スポーツで膝の靭帯が切れたらどうする?前十字靭帯損傷の手術方法について解説の写真

写真はイメージです。本文の内容とは関係ありません。 (C) Monika Wisniewska - Fotolia.com


前十字靭帯損傷とは、膝にある靭帯がスポーツなどで損傷するけがのことです。膝関節の安定性が損なわれるため、その後の競技復帰を悩ませるけがでもあります。今回は、前十字靭帯損傷の治療方法について、説明します。


前十字靭帯損傷とは?どんな症状が出るの?

前十字靭帯損傷とは、膝の前十字靭帯という靭帯が傷ついたり切れたりするけがのことです。膝は、太ももの骨とすねの骨、それから膝のお皿の骨で構成されています。太ももの骨とすねの骨は、いくつかの靭帯や筋肉によってつながっています。その中で、太ももの骨の後方外側から、すねの骨の前方内側に斜めに走っている靭帯を、前十字靭帯と言います。ズボンのポケットに手を入れた時の手の向きに走行していると考えるとイメージしやすいかもしれません。後十字靭帯という靭帯もあり、これは前十字靭帯と交差するように走行し、太ももの前方内側からすねの骨の後方外側についています。前十字靭帯はすねの骨が、太ももの骨に対して前に滑り出さないように固定する役割を持っています。後十字靭帯はすねの骨が後ろに滑り出さないように防いでくれています。そのため、前十字靭帯は膝を伸ばしたときに、靭帯が緊張しストレスがかかりますが、後十字靭帯は膝を曲げたときに、靭帯が緊張します。前十字靭帯損傷は、スポーツや重労働など激しい動きに伴って膝に過度にストレスがかかった場合や、スポーツで相手と接触し、膝に大きなストレスがかかった場合に起こりやすいとされています。また、性別によっても発生率が変わり、男性よりも女性がなりやすいとされています。
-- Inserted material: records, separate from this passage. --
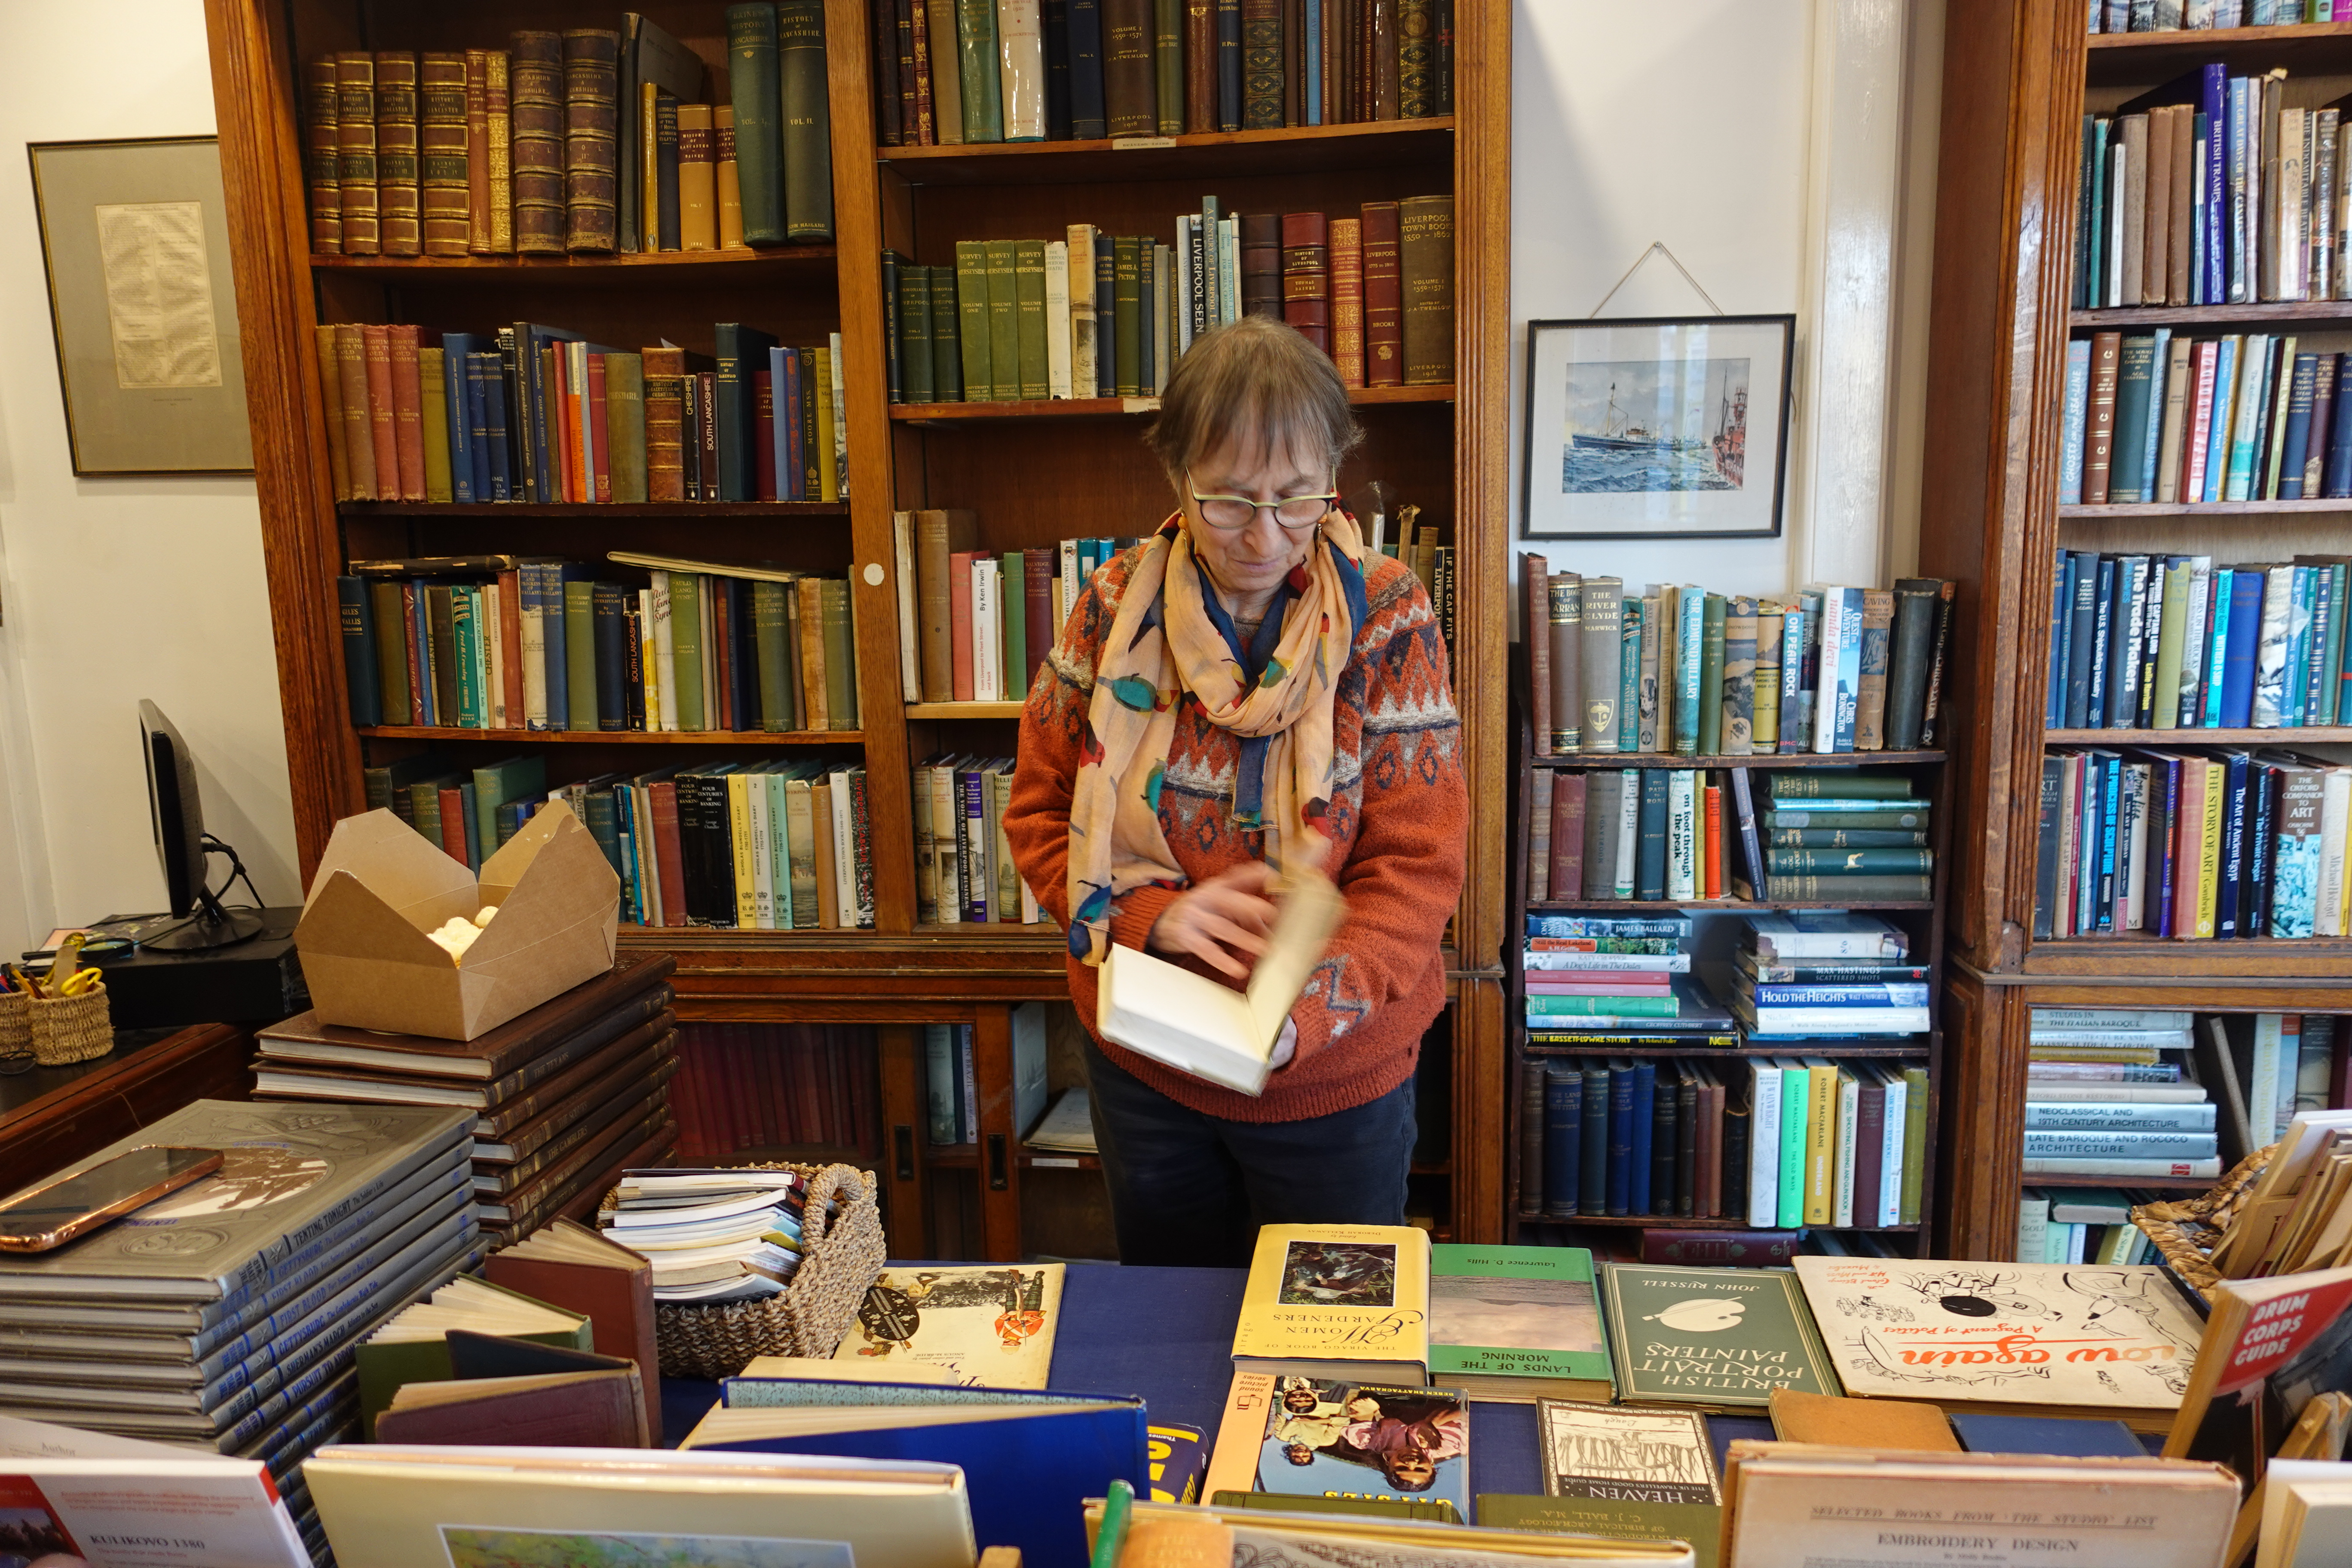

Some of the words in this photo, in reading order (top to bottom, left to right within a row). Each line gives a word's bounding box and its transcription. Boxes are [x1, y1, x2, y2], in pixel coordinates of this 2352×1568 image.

[783, 15, 814, 24] HISTORY
[780, 30, 821, 39] LANCASHIRE.
[1111, 114, 1152, 122] LIVERPOOL
[2213, 120, 2222, 160] BRITISH
[2213, 162, 2221, 203] TRAMPS
[1401, 223, 1426, 233] TOWN
[1428, 223, 1454, 231] BOOKS
[1404, 214, 1451, 224] LIVERPOOL
[1403, 233, 1421, 242] 1550
[1209, 254, 1214, 264] OF
[1193, 238, 1204, 301] LIVERPOOL
[1412, 284, 1444, 292] 1550-1571
[1194, 303, 1204, 333] SEEN
[685, 376, 693, 415] CHESHIRE
[704, 377, 712, 423] LANCASHIRE
[2070, 370, 2081, 414] SEA-LINE
[2066, 442, 2077, 482] GHOSTS
[1446, 557, 1452, 567] IF
[2133, 564, 2148, 591] The
[980, 603, 986, 611] By
[1552, 603, 1580, 613] ARRAN
[1690, 596, 1700, 613] SIR
[1862, 597, 1890, 606] CAVING
[1584, 612, 1618, 620] CLYDE
[1827, 598, 1838, 637] nanda
[2129, 593, 2146, 637] Trade
[1788, 617, 1798, 634] ON
[1689, 618, 1700, 658] EDMUND
[484, 635, 492, 675] CHESTER
[1786, 637, 1798, 667] PEAK
[1825, 640, 1838, 668] devi
[2125, 637, 2142, 692] Makers
[1686, 659, 1698, 700] HILLARY
[1785, 668, 1796, 697] ROCK
[1837, 692, 1848, 733] BONINGTON
[1846, 701, 1857, 724] CHRIS
[2208, 768, 2219, 793] THE
[855, 778, 864, 825] LIVERPOOL
[1684, 794, 1690, 807] on
[1683, 811, 1691, 830] foot
[2206, 796, 2218, 835] STORY
[2290, 807, 2315, 818] ART
[961, 823, 966, 832] OF
[858, 827, 867, 863] LABOUR
[1674, 830, 1682, 859] peak
[2205, 835, 2215, 851] OF
[1682, 832, 1690, 878] through
[2203, 854, 2214, 875] ART
[2201, 879, 2210, 919] Gombrich
[1615, 924, 1638, 933] JAMES
[1640, 925, 1675, 933] BALLARD
[1762, 991, 1789, 1003] HOLD
[1791, 992, 1806, 1002] THE
[1807, 991, 1846, 1003] HEIGHTS
[2038, 1118, 2059, 1127] 19TH
[2061, 1118, 2105, 1127] CENTURY
[2107, 1120, 2180, 1128] ARCHITECTURE
[2028, 1134, 2055, 1143] LATE
[2058, 1135, 2112, 1144] BAROQUE
[2115, 1135, 2138, 1143] AND
[2141, 1136, 2188, 1144] ROCOCO
[2028, 1145, 2125, 1153] ARCHITECTURE
[294, 1219, 324, 1246] TENTING
[323, 1200, 352, 1225] TONIGHT
[1642, 1280, 1710, 1290] RUSSELL
[1718, 1284, 1759, 1292] JOHN
[2252, 1293, 2311, 1323] DRUM
[1274, 1310, 1423, 1333] GARDENERS
[1960, 1323, 2023, 1334] Pageant
[2243, 1315, 2303, 1345] CORPS
[1239, 1322, 1253, 1352] virago
[1286, 1325, 1399, 1344] WOMEN
[1482, 1353, 1549, 1362] MORNING
[1645, 1342, 1788, 1363] PAINTERS
[1898, 1335, 2050, 1368] again
[2235, 1337, 2291, 1366] GUIDE
[1462, 1360, 1488, 1370] THE
[1498, 1363, 1514, 1371] OF
[1523, 1364, 1571, 1373] LANDS
[1635, 1359, 1803, 1379] PORTRAIT
[1360, 1386, 1424, 1395] BHATTACHARYA
[1663, 1376, 1790, 1390] BRITISH
[40, 1442, 76, 1457] Author
[1589, 1486, 1684, 1503] HEAVEN
[90, 1535, 168, 1547] KULIKOVO
[172, 1539, 205, 1549] 1380
[1877, 1532, 1998, 1549] EMBROIDERY
[2012, 1537, 2079, 1552] DESIGN
前十字靭帯損傷の主な症状は、膝の痛みです。ジャンプをして着地したときや、走っている最中に急激にストップした際に、膝に力が入らなくなり、痛みが生じる場合が多いです。患者さんによっては、膝から「ボキッ」と音がしたと話す方もいます。膝に力が入らなくなるため、歩くことが難しくなります。膝の曲げ伸ばしも制限され、しゃがんだりすることも難しくなります。時間がたってくると膝が熱を持ち大きく腫れることもあります。

 

◆前十字靭帯を損傷した後の治療方法とは?

前十字靭帯損傷を放置した場合、膝の半月板呼ばれるクッションの損傷や、関節軟骨が損傷するといわれています。上記のような症状が現れた場合には、早めに受診をし、医師の診断の下、適切な治療をすることが大切です。前十字靭帯を損傷した場合、治療方法は大きくわけると、保存療法と手術療法の2つがあります。保存療法は、手術をせず、関節を固定したり、膝周りの筋力をつけるなどのリハビリを行う方法です。前十字靭帯損傷後の保存療法は、主に以下のものが挙げられます。

  • 関節可動域練習
  • 筋力増強練習
  • 装具療法
  • 物理療法(超音波療法や低周波治療など)
  • 姿勢、動作練習

関節可動域練習では、前十字靭帯損傷によって曲げ伸ばししにくくなった膝を、理学療法士などの専門家が動かしながら、動く範囲を広げていく方法です。筋力増強練習では、膝周りをはじめとした足の筋肉を鍛え、膝の関節が安定するようにします。装具療法は、膝の安定性を高めることができ、装具を使うことで早期から運動を行うことができます。物理療法では、損傷した靭帯の修復を促進したり、痛みを和らげる目的で使われます。また、受傷した際の姿勢や動作を確認、修正し、膝に負担の少ない動作を行えるようにしていきます。このような方法がとられる保存療法ですが、一度損傷した靭帯が完全に元に戻ることは難しく、治療の効果が表れにくい場合もあります。保存療法の治療成績に関する報告はいくつかありますが、日本整形外科学会が監修している、「前十字靭帯損傷診療ガイドライン2012」には、

成長期から思春期の前十字靭帯損傷保存的治療の成績は不良とする報告が多い

と記載されています。前十字靭帯損傷は再び損傷しやすいけがでもありますので、特に、スポーツ復帰を目指す思春期の学生などは、保存療法が適応とならない場合もあります。過去の研究では、保存療法を行った場合の成績をこのように述べています(木村雅史,実践すぐに役立つ膝靭帯損傷診断・治療マニュアル,2006)、(日本理学療法士協会,膝前十字靱帯損傷 理学療法診療ガイドライン)。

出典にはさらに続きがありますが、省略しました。